TASK DETAILS
I'd like the entries reproduced exactly, with the images omitted.

◆ ◆ ◆ ◆

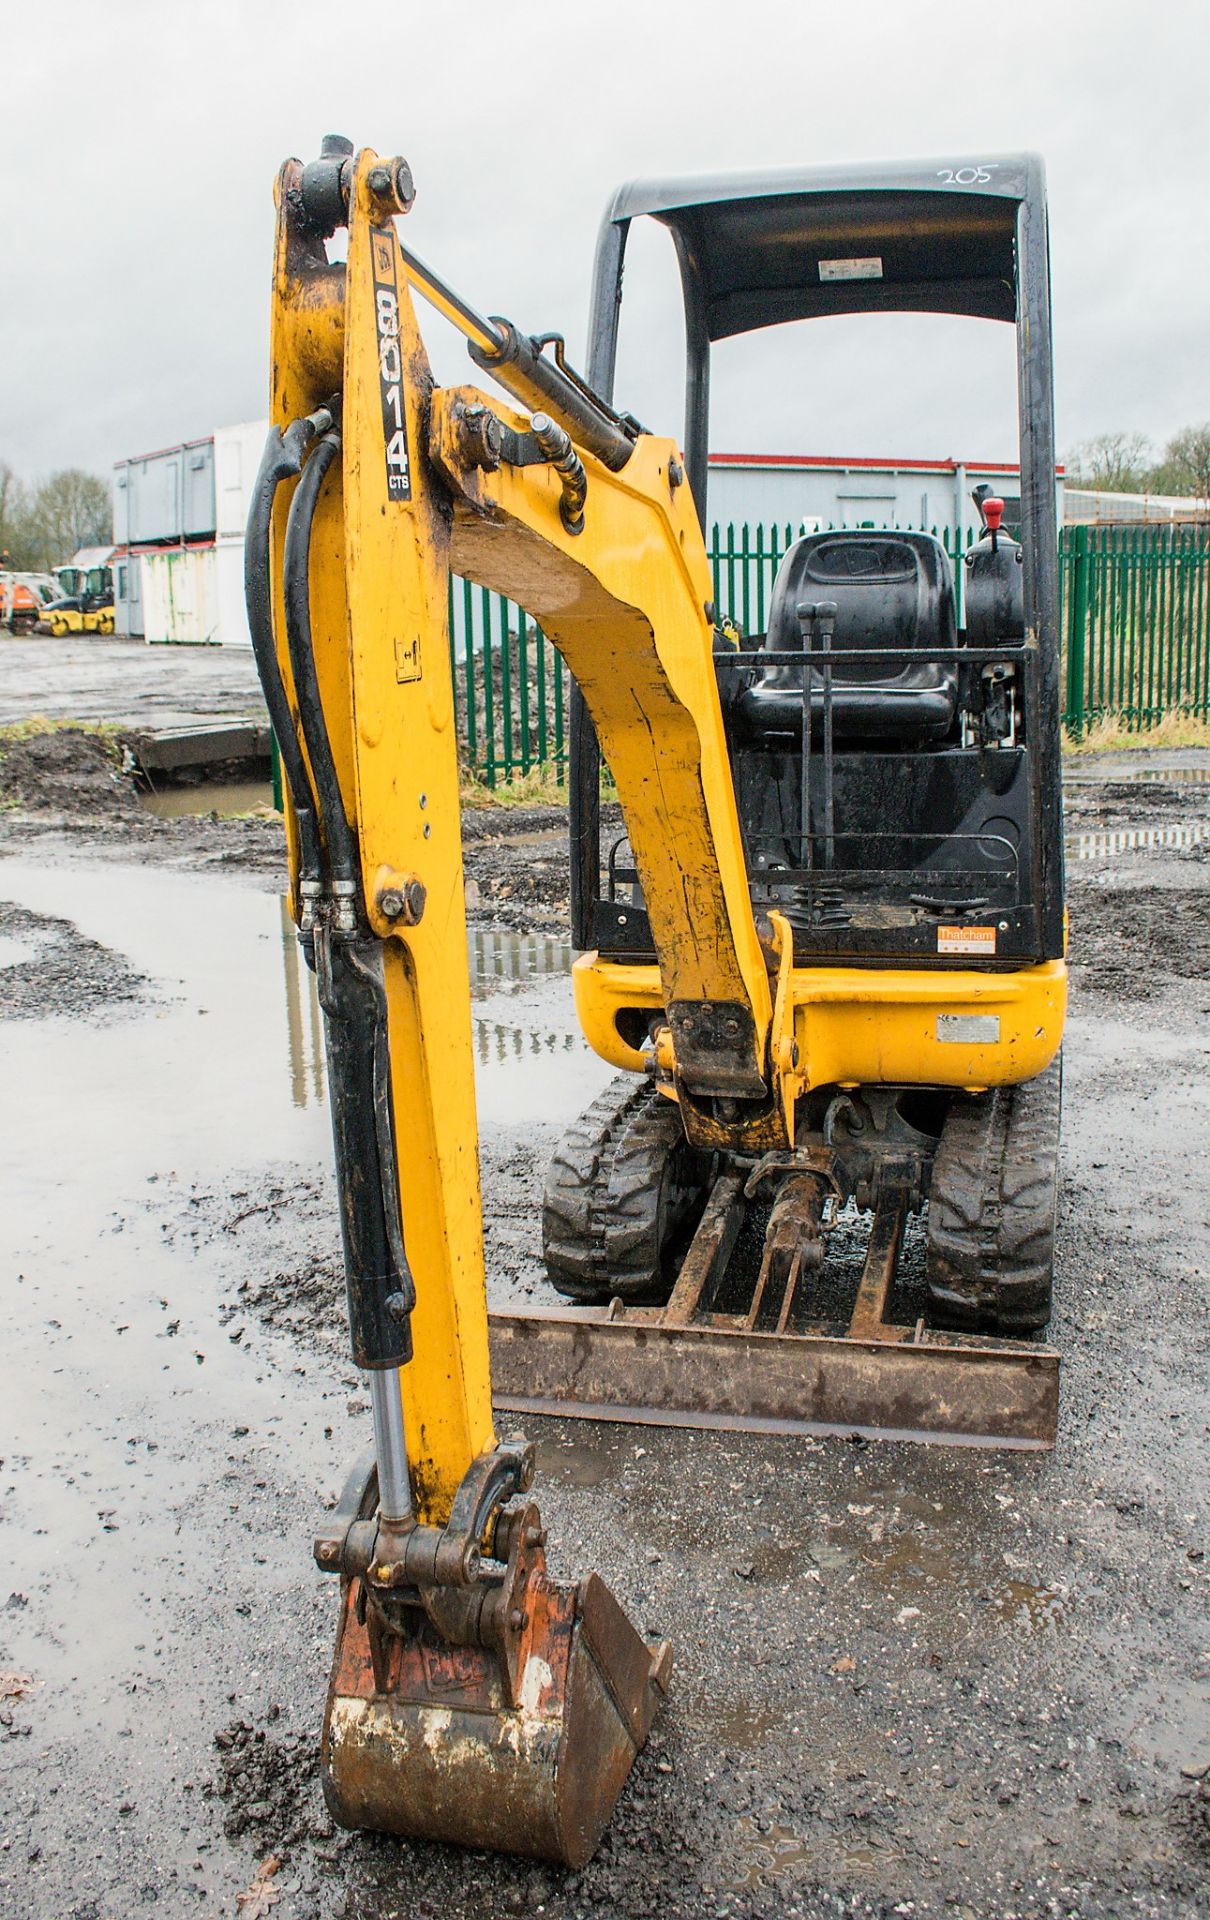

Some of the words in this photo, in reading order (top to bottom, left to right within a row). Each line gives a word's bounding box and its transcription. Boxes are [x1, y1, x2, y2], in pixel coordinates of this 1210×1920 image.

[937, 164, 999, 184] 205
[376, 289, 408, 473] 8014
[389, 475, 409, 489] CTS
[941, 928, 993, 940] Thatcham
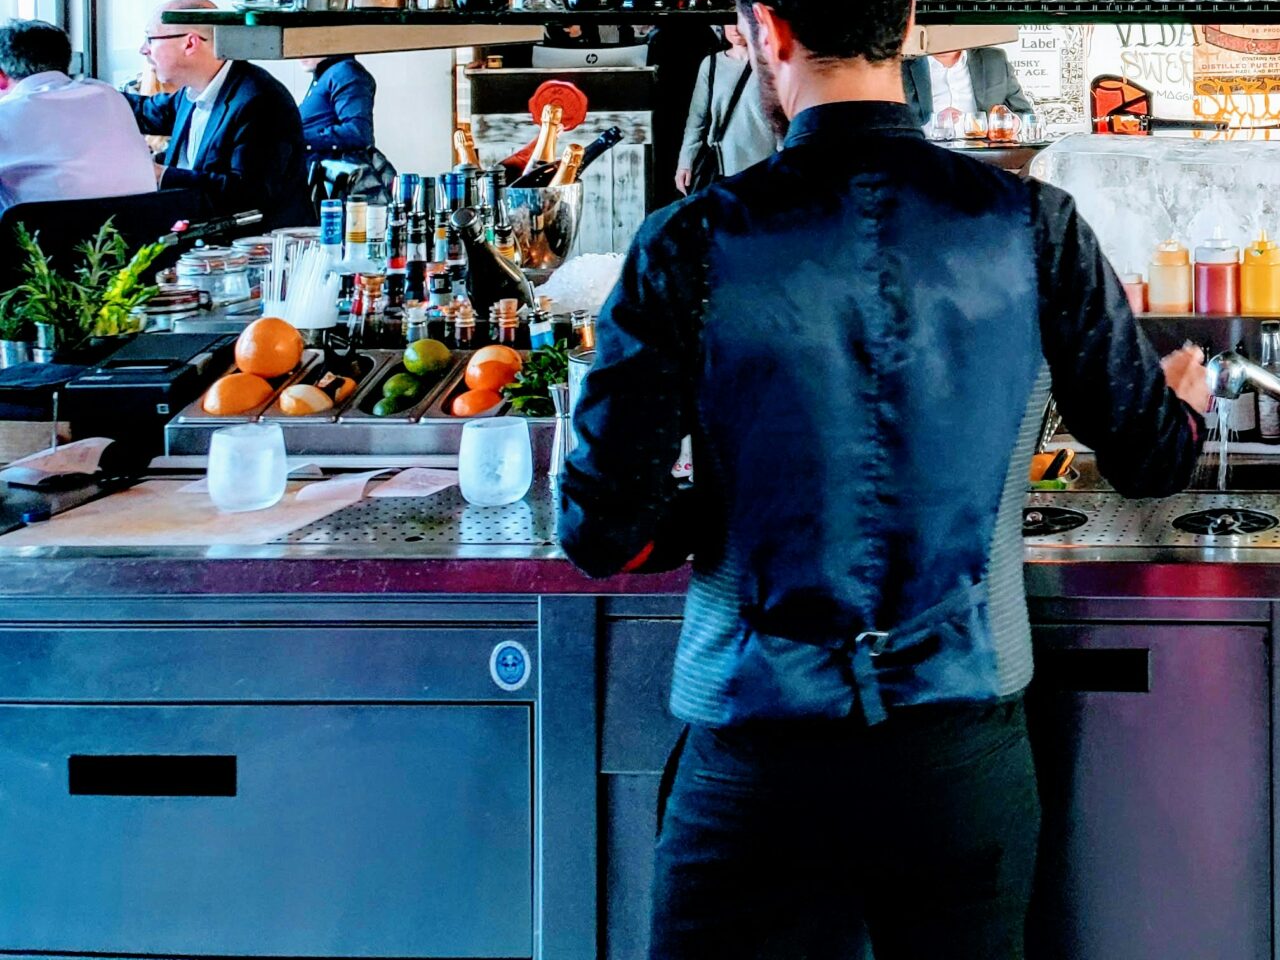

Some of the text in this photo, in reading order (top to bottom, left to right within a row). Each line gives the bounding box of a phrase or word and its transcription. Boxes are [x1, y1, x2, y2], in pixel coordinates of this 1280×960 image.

◆ ◆ ◆ ◆

RESULT
Some of the words in this photo, in reading order (top to bottom, left to right within a row). Each line gives a word's bounding box and its transcription. Boxes are [x1, y1, x2, y2], in pixel coordinates of this 1210×1920 image.

[937, 164, 999, 184] 205
[376, 289, 408, 473] 8014
[389, 475, 409, 489] CTS
[941, 928, 993, 940] Thatcham

Some of the text in this photo, in reading order (top to bottom, left to right within a row). Each line gives the bounding box of a phrase or word and its transcription. Boxes are [x1, y1, x2, y2], in pixel coordinates of this 1280×960 image.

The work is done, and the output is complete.